As described above, in the misfire-chattering improvement method provided by the present invention, the misfire-chattering improvement method includes: the engine control unit receives the flameout signal and enters the flameout process of the engine; the engine control unit sends out a control signal to continuously control the flow control valve to be opened; the camshaft rotates to drive the high-pressure oil pump to work; and in the transient rotating speed fluctuation rising stage in the flameout process of the engine, the continuous oil pumping angle of the flow control valve is adjusted to be maximum, and the rotating speed fluctuation of the engine is reduced.

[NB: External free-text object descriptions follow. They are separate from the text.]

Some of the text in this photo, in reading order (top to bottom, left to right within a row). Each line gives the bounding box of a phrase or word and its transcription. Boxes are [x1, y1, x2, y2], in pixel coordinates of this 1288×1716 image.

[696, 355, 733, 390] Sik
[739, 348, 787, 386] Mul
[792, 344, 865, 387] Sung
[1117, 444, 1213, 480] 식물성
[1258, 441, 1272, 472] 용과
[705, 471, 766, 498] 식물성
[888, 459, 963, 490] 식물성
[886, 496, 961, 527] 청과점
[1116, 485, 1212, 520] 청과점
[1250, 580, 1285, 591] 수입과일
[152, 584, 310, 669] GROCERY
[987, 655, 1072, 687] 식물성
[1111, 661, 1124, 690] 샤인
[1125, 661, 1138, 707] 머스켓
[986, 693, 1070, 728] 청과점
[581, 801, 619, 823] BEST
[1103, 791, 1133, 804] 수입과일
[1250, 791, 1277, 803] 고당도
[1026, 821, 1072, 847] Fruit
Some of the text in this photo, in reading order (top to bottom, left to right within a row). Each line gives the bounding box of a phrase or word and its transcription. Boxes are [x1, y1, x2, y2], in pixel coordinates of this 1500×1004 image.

The method provided by the invention utilizes the fact that the high-pressure oil pump is driven by the camshaft, and conversely, the high-pressure oil pump can apply certain resistance to the camshaft when in work, the oil pumping continuous angle of the flow control valve of the high-pressure oil pump is adjusted to be maximum at the stage of instantaneous fluctuation rise of the rotating speed in the flameout process of an engine, so that the high-pressure oil pump works under full load, the low-pressure oil quantity pressed into the high-pressure oil rail by the plunger is maximum, the plunger of the high-pressure oil pump needs to provide larger driving force for the camshaft when in reciprocating motion, simultaneously, the resistance of the high-pressure oil pump to the camshaft is maximum, the maximum resistance moment is generated, the rotating speed of the camshaft is slowed down, further, the rotating speed of a crankshaft is slowed down, and the high-pressure oil outlet of the high-pressure oil pump establishes larger pressure, so that the, the flameout time is shortened.

The above description is only a preferred embodiment of the present invention, and does not limit the present invention in any way. It will be understood by those skilled in the art that various changes, substitutions and alterations can be made herein without departing from the spirit and scope of the invention as defined by the appended claims.